--- Task inputs Enclosed Below ---

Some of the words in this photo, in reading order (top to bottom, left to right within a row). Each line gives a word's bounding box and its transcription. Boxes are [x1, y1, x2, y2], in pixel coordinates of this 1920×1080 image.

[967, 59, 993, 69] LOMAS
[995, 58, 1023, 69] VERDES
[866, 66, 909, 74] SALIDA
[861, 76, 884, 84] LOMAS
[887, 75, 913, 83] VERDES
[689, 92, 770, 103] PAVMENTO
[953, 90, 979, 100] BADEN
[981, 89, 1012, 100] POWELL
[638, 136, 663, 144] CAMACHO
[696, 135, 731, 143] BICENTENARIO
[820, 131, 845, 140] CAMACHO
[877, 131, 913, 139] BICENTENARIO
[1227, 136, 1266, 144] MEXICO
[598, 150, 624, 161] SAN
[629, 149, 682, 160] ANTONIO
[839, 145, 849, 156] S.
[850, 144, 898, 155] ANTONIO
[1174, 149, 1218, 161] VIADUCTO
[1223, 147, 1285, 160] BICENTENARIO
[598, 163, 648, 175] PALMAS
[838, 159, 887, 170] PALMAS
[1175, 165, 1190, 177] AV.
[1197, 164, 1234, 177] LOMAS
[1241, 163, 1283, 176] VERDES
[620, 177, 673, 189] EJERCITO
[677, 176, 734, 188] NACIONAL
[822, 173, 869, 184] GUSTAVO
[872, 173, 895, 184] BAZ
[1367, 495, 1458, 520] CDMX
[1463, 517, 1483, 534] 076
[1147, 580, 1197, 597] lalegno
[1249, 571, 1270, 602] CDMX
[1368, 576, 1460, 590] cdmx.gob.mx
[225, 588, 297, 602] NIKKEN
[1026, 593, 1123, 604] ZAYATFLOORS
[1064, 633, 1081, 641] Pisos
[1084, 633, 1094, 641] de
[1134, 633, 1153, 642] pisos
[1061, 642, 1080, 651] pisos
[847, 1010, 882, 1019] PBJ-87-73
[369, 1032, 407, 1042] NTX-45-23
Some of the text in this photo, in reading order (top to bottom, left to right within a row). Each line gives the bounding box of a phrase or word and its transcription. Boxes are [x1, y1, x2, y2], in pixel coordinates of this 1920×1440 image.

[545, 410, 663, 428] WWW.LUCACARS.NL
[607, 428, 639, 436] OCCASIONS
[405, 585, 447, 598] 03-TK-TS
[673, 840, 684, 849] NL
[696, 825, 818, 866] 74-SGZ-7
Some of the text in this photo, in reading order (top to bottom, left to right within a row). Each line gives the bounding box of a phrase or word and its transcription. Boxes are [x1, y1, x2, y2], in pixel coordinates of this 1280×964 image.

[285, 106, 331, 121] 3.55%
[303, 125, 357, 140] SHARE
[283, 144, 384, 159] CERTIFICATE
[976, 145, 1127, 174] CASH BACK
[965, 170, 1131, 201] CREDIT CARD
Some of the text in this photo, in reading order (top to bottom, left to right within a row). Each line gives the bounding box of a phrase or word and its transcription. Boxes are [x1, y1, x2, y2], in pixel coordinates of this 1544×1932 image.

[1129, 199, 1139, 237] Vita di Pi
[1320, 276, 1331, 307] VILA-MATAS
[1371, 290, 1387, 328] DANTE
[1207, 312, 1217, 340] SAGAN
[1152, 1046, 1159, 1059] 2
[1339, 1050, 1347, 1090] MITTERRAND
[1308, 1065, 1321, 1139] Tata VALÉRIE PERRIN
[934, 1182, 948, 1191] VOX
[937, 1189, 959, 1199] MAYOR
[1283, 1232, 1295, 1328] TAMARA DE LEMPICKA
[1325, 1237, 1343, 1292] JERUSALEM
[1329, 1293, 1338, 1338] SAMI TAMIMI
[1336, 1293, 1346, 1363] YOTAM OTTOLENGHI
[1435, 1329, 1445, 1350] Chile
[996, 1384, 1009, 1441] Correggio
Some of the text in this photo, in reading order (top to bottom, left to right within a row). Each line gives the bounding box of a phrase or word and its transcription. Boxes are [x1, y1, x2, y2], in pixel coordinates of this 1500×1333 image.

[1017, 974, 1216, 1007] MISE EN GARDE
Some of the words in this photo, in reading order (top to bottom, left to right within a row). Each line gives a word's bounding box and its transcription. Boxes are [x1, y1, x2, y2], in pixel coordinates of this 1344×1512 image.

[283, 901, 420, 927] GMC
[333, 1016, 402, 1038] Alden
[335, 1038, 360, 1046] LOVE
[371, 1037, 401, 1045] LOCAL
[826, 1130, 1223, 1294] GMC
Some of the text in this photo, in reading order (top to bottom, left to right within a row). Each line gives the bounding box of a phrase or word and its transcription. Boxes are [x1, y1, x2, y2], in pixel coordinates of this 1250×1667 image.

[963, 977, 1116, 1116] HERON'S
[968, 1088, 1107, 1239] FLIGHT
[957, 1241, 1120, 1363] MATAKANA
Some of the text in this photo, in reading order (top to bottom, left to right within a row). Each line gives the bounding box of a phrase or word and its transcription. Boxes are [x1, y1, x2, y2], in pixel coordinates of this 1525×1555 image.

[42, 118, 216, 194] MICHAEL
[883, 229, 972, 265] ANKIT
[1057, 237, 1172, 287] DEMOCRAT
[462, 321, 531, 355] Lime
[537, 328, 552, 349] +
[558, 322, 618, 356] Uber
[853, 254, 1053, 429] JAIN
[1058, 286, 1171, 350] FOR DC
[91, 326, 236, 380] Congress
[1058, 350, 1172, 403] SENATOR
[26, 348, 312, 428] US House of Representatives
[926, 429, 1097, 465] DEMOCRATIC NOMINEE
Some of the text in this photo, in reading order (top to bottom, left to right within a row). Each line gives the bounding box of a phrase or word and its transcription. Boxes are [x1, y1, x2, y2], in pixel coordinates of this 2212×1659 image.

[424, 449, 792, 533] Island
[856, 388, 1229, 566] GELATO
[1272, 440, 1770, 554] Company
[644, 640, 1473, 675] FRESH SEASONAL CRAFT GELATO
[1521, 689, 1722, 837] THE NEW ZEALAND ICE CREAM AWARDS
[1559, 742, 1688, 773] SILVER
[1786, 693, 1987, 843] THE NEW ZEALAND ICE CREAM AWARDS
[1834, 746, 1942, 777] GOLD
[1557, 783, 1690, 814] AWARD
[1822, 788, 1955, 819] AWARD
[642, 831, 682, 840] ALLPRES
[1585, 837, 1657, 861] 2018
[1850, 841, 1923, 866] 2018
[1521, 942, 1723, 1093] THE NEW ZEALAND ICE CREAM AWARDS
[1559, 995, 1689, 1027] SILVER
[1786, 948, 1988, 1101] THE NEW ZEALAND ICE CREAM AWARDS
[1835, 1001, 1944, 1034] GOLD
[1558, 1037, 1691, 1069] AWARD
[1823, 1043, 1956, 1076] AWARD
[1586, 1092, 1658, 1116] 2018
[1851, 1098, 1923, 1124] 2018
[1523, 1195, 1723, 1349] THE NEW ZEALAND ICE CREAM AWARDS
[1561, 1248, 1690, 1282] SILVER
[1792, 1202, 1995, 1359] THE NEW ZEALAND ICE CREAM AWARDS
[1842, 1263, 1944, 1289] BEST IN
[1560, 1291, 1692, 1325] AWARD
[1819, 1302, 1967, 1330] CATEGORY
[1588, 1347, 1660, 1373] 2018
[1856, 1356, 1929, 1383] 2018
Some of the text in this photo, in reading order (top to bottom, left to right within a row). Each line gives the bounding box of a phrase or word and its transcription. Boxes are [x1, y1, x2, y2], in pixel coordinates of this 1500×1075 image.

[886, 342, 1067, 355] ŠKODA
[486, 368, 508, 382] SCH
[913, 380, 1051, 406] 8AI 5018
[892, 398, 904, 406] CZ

--- End of Enclosed Task inputs ---

- _Task prompt_: Start to finish, copy the records above with no differences.

- _Written answer_:
Some of the words in this photo, in reading order (top to bottom, left to right within a row). Each line gives a word's bounding box and its transcription. Boxes are [x1, y1, x2, y2], in pixel coordinates of this 1920×1080 image.

[967, 59, 993, 69] LOMAS
[995, 58, 1023, 69] VERDES
[866, 66, 909, 74] SALIDA
[861, 76, 884, 84] LOMAS
[887, 75, 913, 83] VERDES
[689, 92, 770, 103] PAVMENTO
[953, 90, 979, 100] BADEN
[981, 89, 1012, 100] POWELL
[638, 136, 663, 144] CAMACHO
[696, 135, 731, 143] BICENTENARIO
[820, 131, 845, 140] CAMACHO
[877, 131, 913, 139] BICENTENARIO
[1227, 136, 1266, 144] MEXICO
[598, 150, 624, 161] SAN
[629, 149, 682, 160] ANTONIO
[839, 145, 849, 156] S.
[850, 144, 898, 155] ANTONIO
[1174, 149, 1218, 161] VIADUCTO
[1223, 147, 1285, 160] BICENTENARIO
[598, 163, 648, 175] PALMAS
[838, 159, 887, 170] PALMAS
[1175, 165, 1190, 177] AV.
[1197, 164, 1234, 177] LOMAS
[1241, 163, 1283, 176] VERDES
[620, 177, 673, 189] EJERCITO
[677, 176, 734, 188] NACIONAL
[822, 173, 869, 184] GUSTAVO
[872, 173, 895, 184] BAZ
[1367, 495, 1458, 520] CDMX
[1463, 517, 1483, 534] 076
[1147, 580, 1197, 597] lalegno
[1249, 571, 1270, 602] CDMX
[1368, 576, 1460, 590] cdmx.gob.mx
[225, 588, 297, 602] NIKKEN
[1026, 593, 1123, 604] ZAYATFLOORS
[1064, 633, 1081, 641] Pisos
[1084, 633, 1094, 641] de
[1134, 633, 1153, 642] pisos
[1061, 642, 1080, 651] pisos
[847, 1010, 882, 1019] PBJ-87-73
[369, 1032, 407, 1042] NTX-45-23
Some of the text in this photo, in reading order (top to bottom, left to right within a row). Each line gives the bounding box of a phrase or word and its transcription. Boxes are [x1, y1, x2, y2], in pixel coordinates of this 1920×1440 image.

[545, 410, 663, 428] WWW.LUCACARS.NL
[607, 428, 639, 436] OCCASIONS
[405, 585, 447, 598] 03-TK-TS
[673, 840, 684, 849] NL
[696, 825, 818, 866] 74-SGZ-7
Some of the text in this photo, in reading order (top to bottom, left to right within a row). Each line gives the bounding box of a phrase or word and its transcription. Boxes are [x1, y1, x2, y2], in pixel coordinates of this 1280×964 image.

[285, 106, 331, 121] 3.55%
[303, 125, 357, 140] SHARE
[283, 144, 384, 159] CERTIFICATE
[976, 145, 1127, 174] CASH BACK
[965, 170, 1131, 201] CREDIT CARD
Some of the text in this photo, in reading order (top to bottom, left to right within a row). Each line gives the bounding box of a phrase or word and its transcription. Boxes are [x1, y1, x2, y2], in pixel coordinates of this 1544×1932 image.

[1129, 199, 1139, 237] Vita di Pi
[1320, 276, 1331, 307] VILA-MATAS
[1371, 290, 1387, 328] DANTE
[1207, 312, 1217, 340] SAGAN
[1152, 1046, 1159, 1059] 2
[1339, 1050, 1347, 1090] MITTERRAND
[1308, 1065, 1321, 1139] Tata VALÉRIE PERRIN
[934, 1182, 948, 1191] VOX
[937, 1189, 959, 1199] MAYOR
[1283, 1232, 1295, 1328] TAMARA DE LEMPICKA
[1325, 1237, 1343, 1292] JERUSALEM
[1329, 1293, 1338, 1338] SAMI TAMIMI
[1336, 1293, 1346, 1363] YOTAM OTTOLENGHI
[1435, 1329, 1445, 1350] Chile
[996, 1384, 1009, 1441] Correggio
Some of the text in this photo, in reading order (top to bottom, left to right within a row). Each line gives the bounding box of a phrase or word and its transcription. Boxes are [x1, y1, x2, y2], in pixel coordinates of this 1500×1333 image.

[1017, 974, 1216, 1007] MISE EN GARDE
Some of the words in this photo, in reading order (top to bottom, left to right within a row). Each line gives a word's bounding box and its transcription. Boxes are [x1, y1, x2, y2], in pixel coordinates of this 1344×1512 image.

[283, 901, 420, 927] GMC
[333, 1016, 402, 1038] Alden
[335, 1038, 360, 1046] LOVE
[371, 1037, 401, 1045] LOCAL
[826, 1130, 1223, 1294] GMC
Some of the text in this photo, in reading order (top to bottom, left to right within a row). Each line gives the bounding box of a phrase or word and its transcription. Boxes are [x1, y1, x2, y2], in pixel coordinates of this 1250×1667 image.

[963, 977, 1116, 1116] HERON'S
[968, 1088, 1107, 1239] FLIGHT
[957, 1241, 1120, 1363] MATAKANA
Some of the text in this photo, in reading order (top to bottom, left to right within a row). Each line gives the bounding box of a phrase or word and its transcription. Boxes are [x1, y1, x2, y2], in pixel coordinates of this 1525×1555 image.

[42, 118, 216, 194] MICHAEL
[883, 229, 972, 265] ANKIT
[1057, 237, 1172, 287] DEMOCRAT
[462, 321, 531, 355] Lime
[537, 328, 552, 349] +
[558, 322, 618, 356] Uber
[853, 254, 1053, 429] JAIN
[1058, 286, 1171, 350] FOR DC
[91, 326, 236, 380] Congress
[1058, 350, 1172, 403] SENATOR
[26, 348, 312, 428] US House of Representatives
[926, 429, 1097, 465] DEMOCRATIC NOMINEE
Some of the text in this photo, in reading order (top to bottom, left to right within a row). Each line gives the bounding box of a phrase or word and its transcription. Boxes are [x1, y1, x2, y2], in pixel coordinates of this 2212×1659 image.

[424, 449, 792, 533] Island
[856, 388, 1229, 566] GELATO
[1272, 440, 1770, 554] Company
[644, 640, 1473, 675] FRESH SEASONAL CRAFT GELATO
[1521, 689, 1722, 837] THE NEW ZEALAND ICE CREAM AWARDS
[1559, 742, 1688, 773] SILVER
[1786, 693, 1987, 843] THE NEW ZEALAND ICE CREAM AWARDS
[1834, 746, 1942, 777] GOLD
[1557, 783, 1690, 814] AWARD
[1822, 788, 1955, 819] AWARD
[642, 831, 682, 840] ALLPRES
[1585, 837, 1657, 861] 2018
[1850, 841, 1923, 866] 2018
[1521, 942, 1723, 1093] THE NEW ZEALAND ICE CREAM AWARDS
[1559, 995, 1689, 1027] SILVER
[1786, 948, 1988, 1101] THE NEW ZEALAND ICE CREAM AWARDS
[1835, 1001, 1944, 1034] GOLD
[1558, 1037, 1691, 1069] AWARD
[1823, 1043, 1956, 1076] AWARD
[1586, 1092, 1658, 1116] 2018
[1851, 1098, 1923, 1124] 2018
[1523, 1195, 1723, 1349] THE NEW ZEALAND ICE CREAM AWARDS
[1561, 1248, 1690, 1282] SILVER
[1792, 1202, 1995, 1359] THE NEW ZEALAND ICE CREAM AWARDS
[1842, 1263, 1944, 1289] BEST IN
[1560, 1291, 1692, 1325] AWARD
[1819, 1302, 1967, 1330] CATEGORY
[1588, 1347, 1660, 1373] 2018
[1856, 1356, 1929, 1383] 2018
Some of the text in this photo, in reading order (top to bottom, left to right within a row). Each line gives the bounding box of a phrase or word and its transcription. Boxes are [x1, y1, x2, y2], in pixel coordinates of this 1500×1075 image.

[886, 342, 1067, 355] ŠKODA
[486, 368, 508, 382] SCH
[913, 380, 1051, 406] 8AI 5018
[892, 398, 904, 406] CZ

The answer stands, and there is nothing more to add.